Antibiotic instillation for a chronic lung abscess

Henry W Ainge-Allen a,b,, Paul A Lilburn a, Daniel Moses b,c, Colin Chen b,d, Paul S Thomas a,b
PMCID: PMC6940720  PMID: 31908918

Abstract

Introduction

Antibiotic treatment of lung abscesses fails in 10–20% of cases and require surgery, however, some are unsuitable for resection. Alternative options carry significant morbidity.

Case report

A 47 year old man with inoperable non-small cell lung cancer developed a lung abscess following definitive radiotherapy. Initial antibiotic therapy was successful, however four years later his symptoms recurred. Despite multiple courses his symptoms recurred despite long-term antibiotics. Immediately following a diagnostic aspiration, ceftriaxone and metronidazole were instilled into the abscess with subsequent clinical and radiological resolution.

Discussion

Lung abscesses are an uncommon complication of radiotherapy. Antibiotic therapy can fail for a number of reasons. Although instillation of antibiotics has not been described in the management of lung abscesses, the direct application of antifungals for aspergillomas is well documented and case series report success in other abscess sites.

Conclusion

Direct antibiotic instillation following lung abscess aspiration adds minimal risk and is potentially curative.

1. Introduction

Medical treatment of a lung abscess with intravenous antibiotics fails in approximately 10–20% of cases and surgical resection is usually advised, but some patients are unsuitable for surgery.
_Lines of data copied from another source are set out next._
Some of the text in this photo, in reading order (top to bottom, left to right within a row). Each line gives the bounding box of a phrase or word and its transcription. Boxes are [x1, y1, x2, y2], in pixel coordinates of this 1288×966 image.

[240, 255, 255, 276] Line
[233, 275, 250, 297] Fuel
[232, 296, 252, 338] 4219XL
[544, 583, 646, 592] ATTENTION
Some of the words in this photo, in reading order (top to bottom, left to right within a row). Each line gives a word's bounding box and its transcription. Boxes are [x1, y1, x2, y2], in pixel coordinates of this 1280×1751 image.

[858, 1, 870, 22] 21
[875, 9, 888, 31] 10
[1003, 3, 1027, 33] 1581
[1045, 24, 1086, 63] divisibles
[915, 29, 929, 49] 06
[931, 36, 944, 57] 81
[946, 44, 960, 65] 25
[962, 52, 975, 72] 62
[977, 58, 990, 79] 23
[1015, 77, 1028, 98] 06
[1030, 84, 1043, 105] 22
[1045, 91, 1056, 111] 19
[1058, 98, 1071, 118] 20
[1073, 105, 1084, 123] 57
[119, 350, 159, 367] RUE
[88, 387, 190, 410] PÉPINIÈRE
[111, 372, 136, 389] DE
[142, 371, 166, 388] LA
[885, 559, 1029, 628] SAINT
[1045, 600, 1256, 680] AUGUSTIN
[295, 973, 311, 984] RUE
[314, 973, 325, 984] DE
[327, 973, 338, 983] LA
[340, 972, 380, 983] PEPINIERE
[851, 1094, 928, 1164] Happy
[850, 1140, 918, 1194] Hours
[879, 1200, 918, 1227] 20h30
Less commonly, percutaneous thoracostomy can be attempted, however this too carries a significant morbidity [1]. While the instillation of antimicrobials into pulmonary abscesses is not a new concept [[2], [3], [4], [5]], to our knowledge the direct instillation of antibiotics has not previously been reported.

2. Case report

A 47 year old man presented with altered voice secondary to a recurrent laryngeal nerve palsy and was found to have a left upper lobe (LUL) non-small cell primary lung cancer (NSCLC) large cell subtype. He was a heavy smoker with a history of Stage 2 gastric adenocarcinoma 8 years previously, definitively managed with a partial gastrectomy and adjuvant chemotherapy. His lung cancer was initially classified as Stage IIIA (T2aN2M0); and was planned for surgical resection following a good response to neoadjuvant chemotherapy. Intra-operatively, the tumour was found to be infiltrating the aortic arch thus he was treated with chemoradiotherapy instead. His disease recurred locally and he developed a second primary lesion in the contralateral upper lobe in the two years that followed, however both appeared to resolve following further radiotherapy. Following a total 150 Gy to his LUL he was left with significant radiation fibrosis and almost total collapse of the lobe.
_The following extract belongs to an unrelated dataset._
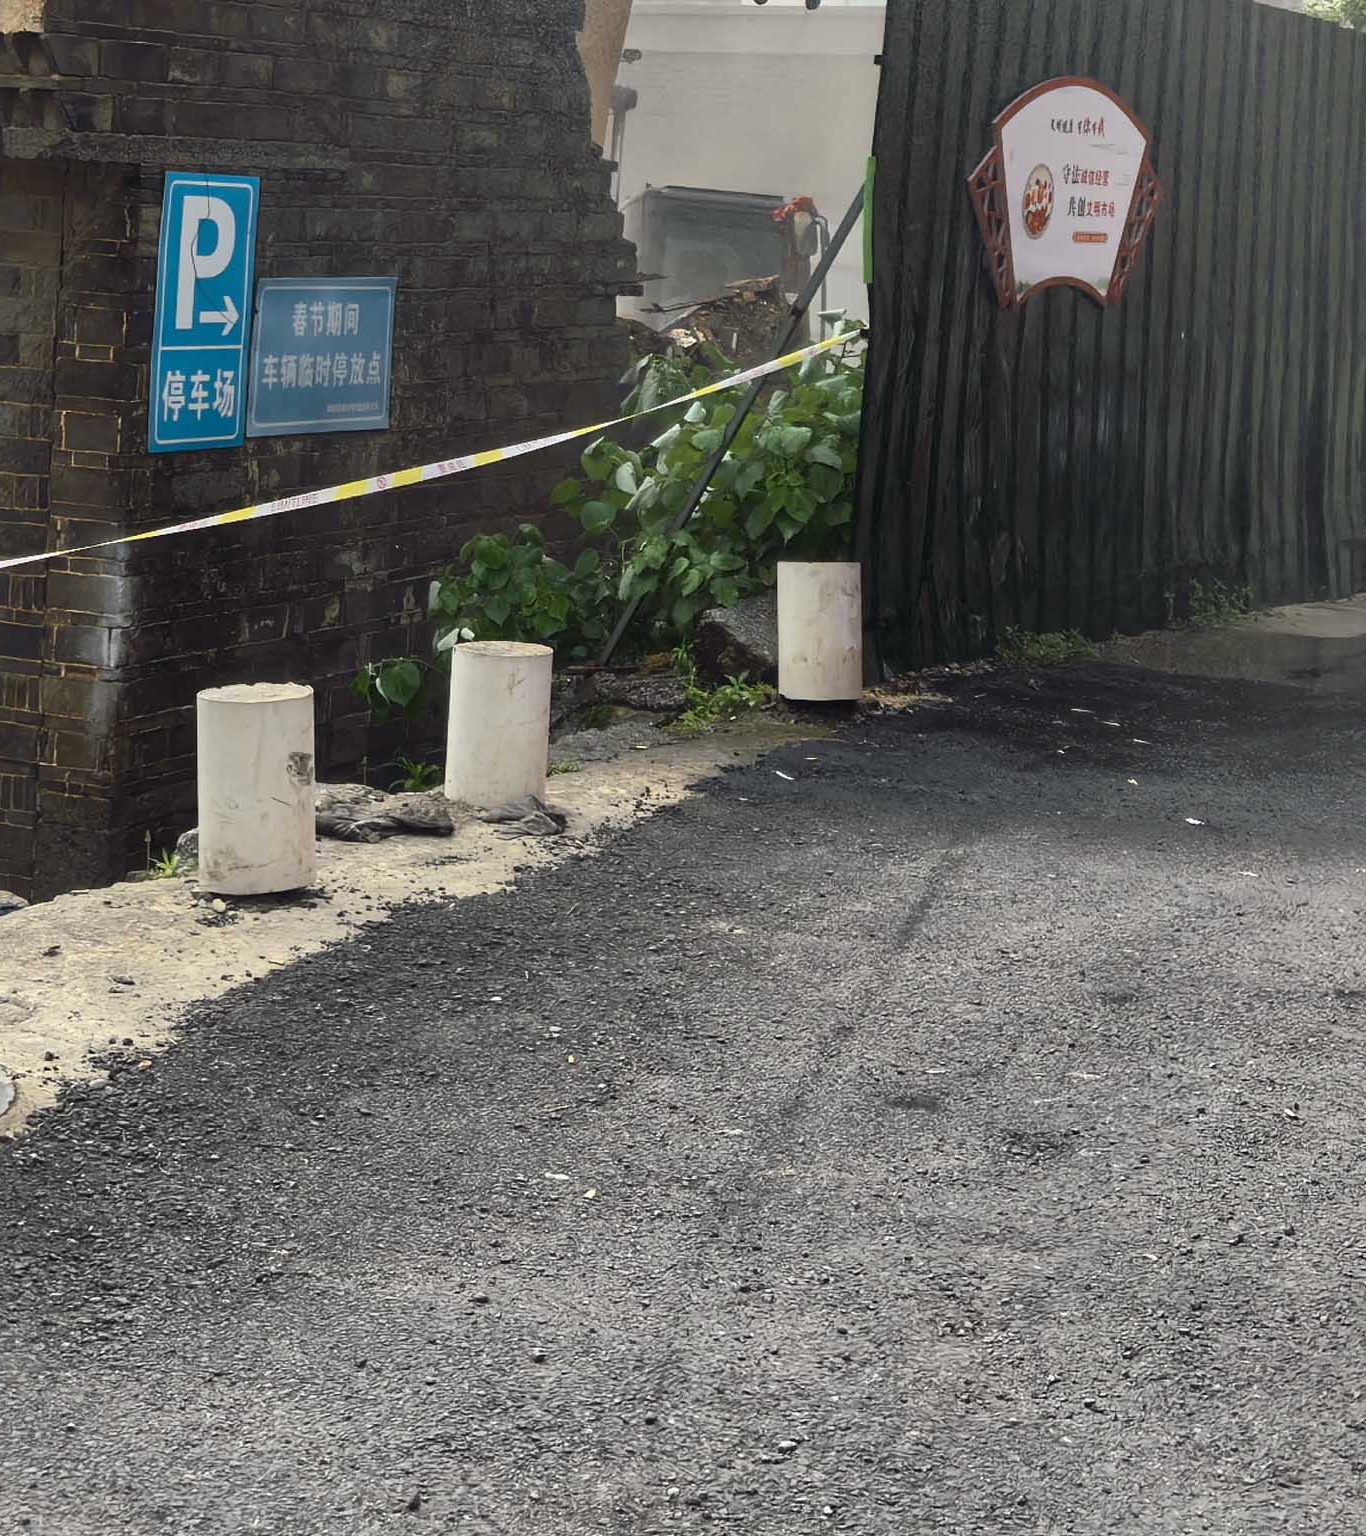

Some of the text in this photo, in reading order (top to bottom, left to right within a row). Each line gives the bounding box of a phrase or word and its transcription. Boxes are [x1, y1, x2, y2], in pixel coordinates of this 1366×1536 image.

One year following the final dose of radiotherapy he presented to hospital reporting two months of intermittent fevers. CT imaging demonstrated a cavitating multi-loculated lesion in the superior aspect of the LUL surrounded by an area of fibrosis (Fig. 1). He was commenced on intravenous (IV) piperacillin/tazobactam after the abscess was aspirated under CT guidance. He rapidly defervesced on antibiotics and following growth of amoxicillin sensitive Streptococcus milleri he was changed to IV ampicillin for six weeks, followed by two weeks of oral amoxicillin. Following cessation of antibiotics his fevers recurred and he developed left apical chest pain and a non productive cough. Bronchoscopy demonstrated that the LUL bronchus had been obliterated by fibrosis, without a patent lumen to allow drainage. After a further 6 weeks of oral amoxicillin and clavulanic acid his symptoms abated.

Fig. 1.

Fig. 1

CT view of the abscess during aspiration.
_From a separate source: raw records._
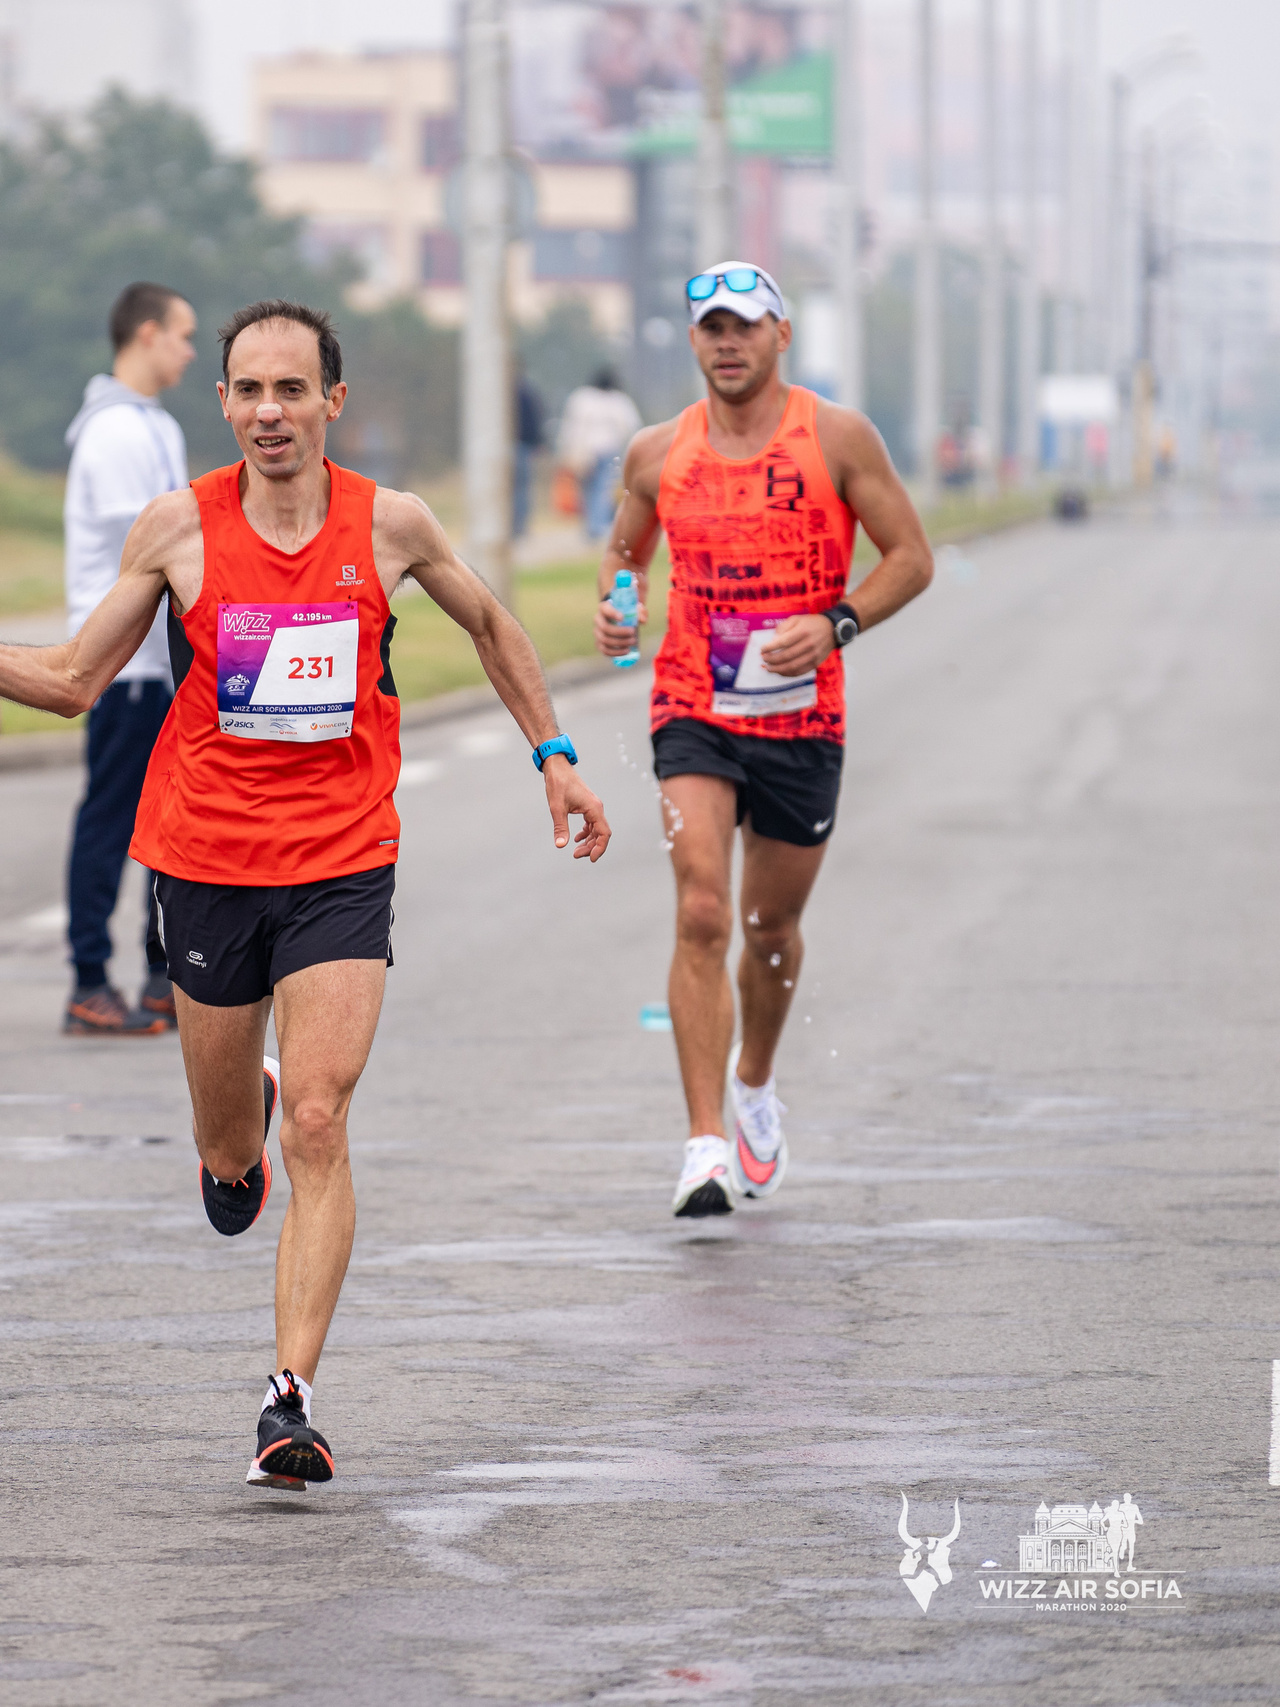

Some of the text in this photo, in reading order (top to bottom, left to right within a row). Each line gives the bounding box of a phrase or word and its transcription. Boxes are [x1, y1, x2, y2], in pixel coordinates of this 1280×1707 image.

[292, 613, 321, 621] 42.195
[288, 656, 334, 679] 231
[287, 705, 326, 713] MARATHON
[327, 704, 342, 712] 2020
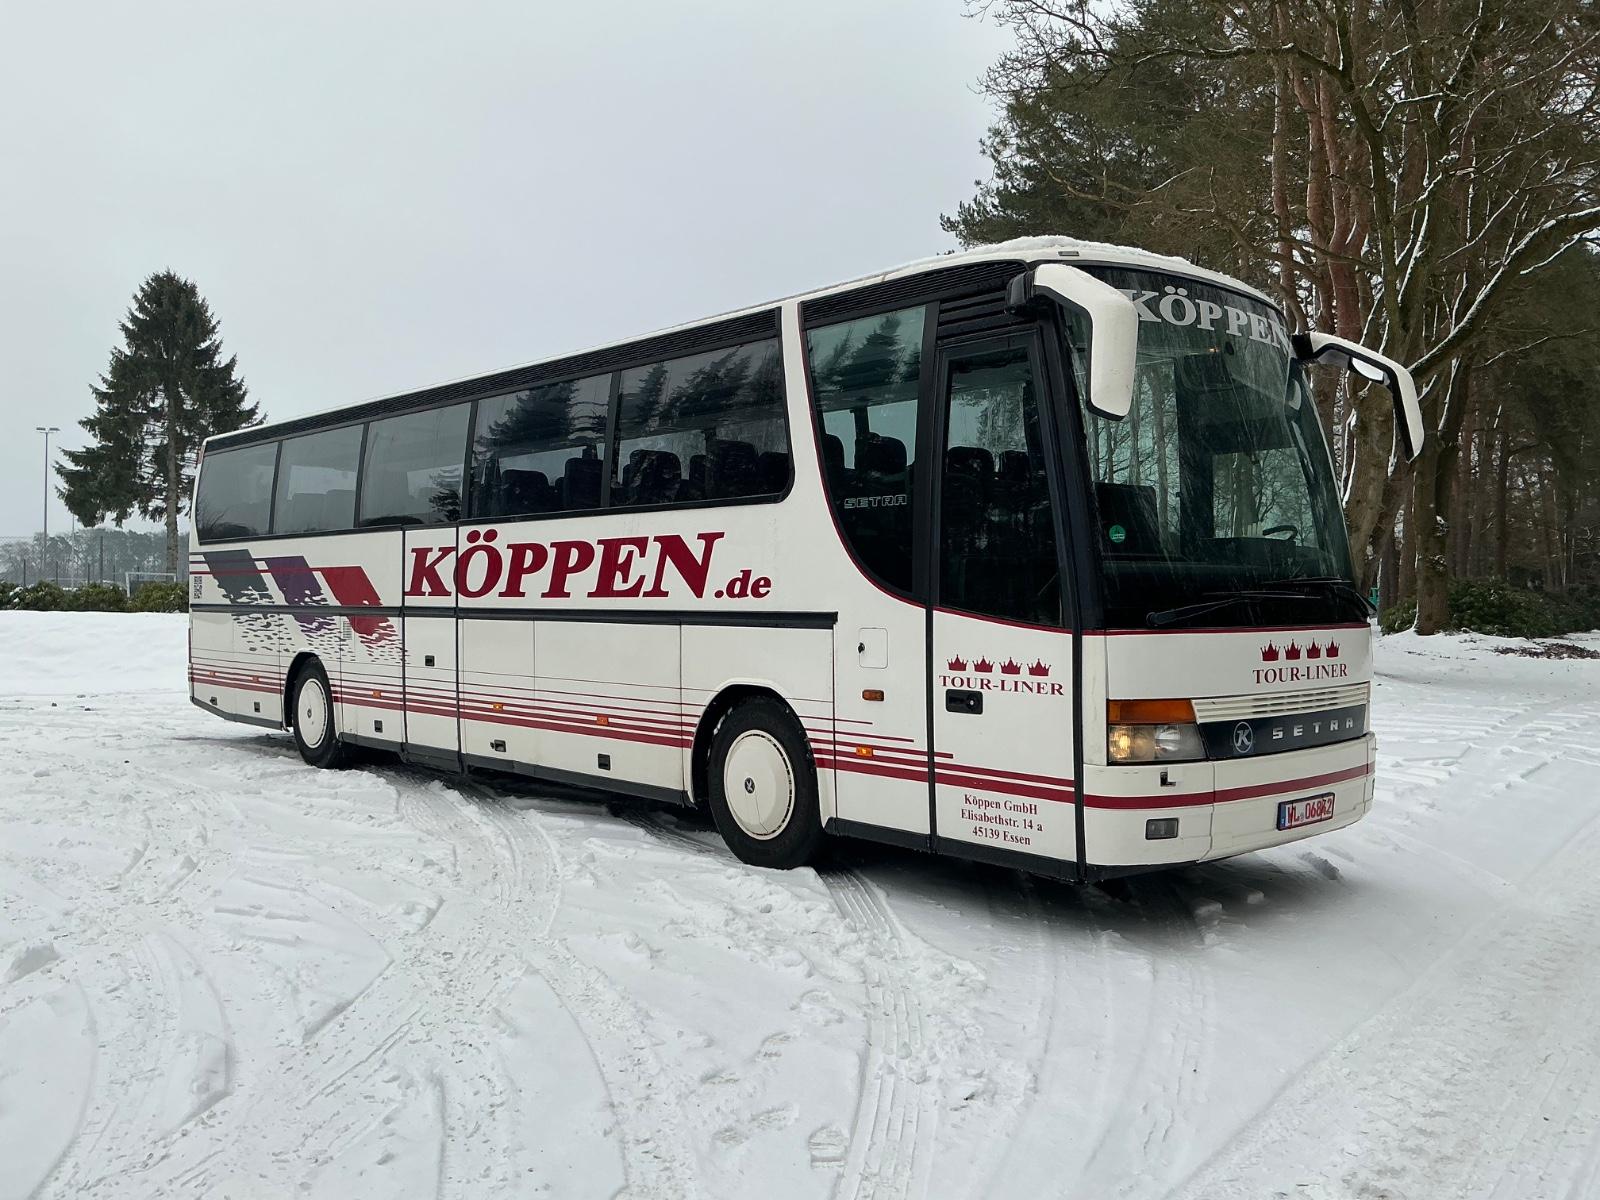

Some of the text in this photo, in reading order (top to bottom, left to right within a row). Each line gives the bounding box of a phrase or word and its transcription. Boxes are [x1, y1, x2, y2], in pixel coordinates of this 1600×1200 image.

[1117, 285, 1294, 357] KÖPPEN
[844, 494, 907, 509] SETRA
[1252, 663, 1348, 684] TOUR-LINER
[939, 675, 1064, 696] TOUR-LINER
[1272, 717, 1354, 740] SETRA
[964, 794, 1037, 815] Köppen GmbH
[961, 808, 1043, 831] Elisabethstr. 14 a
[972, 826, 1031, 845] 45139 Essen
He re-presented again four years later with recurrence of fever and the same abscess. Multiple antibiotics were utilised without success. He was initially commenced on amoxicillin/clavulanic acid then intravenous ceftriaxone 1g daily without symptomatic benefit despite one month of ceftriaxone with short courses of clindamycin and metronidazole. With a dose increase to 2g ceftriaxone daily his fevers settled. Unfortunately he was unable to tolerate the side effects of high dose ceftriaxone and stopped after one month, following which his fevers recurred. The abscess was aspirated on three occasions off antibiotics and from one of these Streptococcus pneumoniae resistant to macrolides and with intermediate resistance to ceftriaxone was isolated on prolonged broth culture. On no occasion were acid – fast bacilli or malignant cells identified by cytology.

He remained symptomatic and on the fourth aspiration the decision was made to aspirate, lavage with saline and instill antibiotics directly into the abscess cavity. On this occasion 30ml of blood stained fluid was aspirated, 500mg metronidazole was then infused into the cavity and re-aspirated after which ceftriaxone (1g) was administered and left in situ. His fevers resolved and there were no complications from the procedure.

He continued to work for two further years without further fevers or need for antibiotics. He re-presented in 2018 with acute intractable vomiting due to carcinomatosis of the peritoneum, likely secondary to a gastric stump carcinoma due in part to continued heavy smoking. A PET/CT at the time demonstrated no metabolic activity at the site of the abscess (Fig. 2).

Fig. 2.

Fig. 2

PET/CT view of the fibrotic, necrotic residual change with no evidence of FDG uptake several years following treatment.

3. Discussion

Pulmonary abscesses occur when microbial infection results in necrosis and lung cavitation. Patients receiving radiation for NSCLC are at risk of secondary abscesses both from the pneumonitis and fibrosis from the radiation as well as the necrotic tumour itself. Despite this most large studies do not report it as a complication of stereotactic radiotherapy [6]; though a small case series (n = 27) found it occurred in 7% of cases [7].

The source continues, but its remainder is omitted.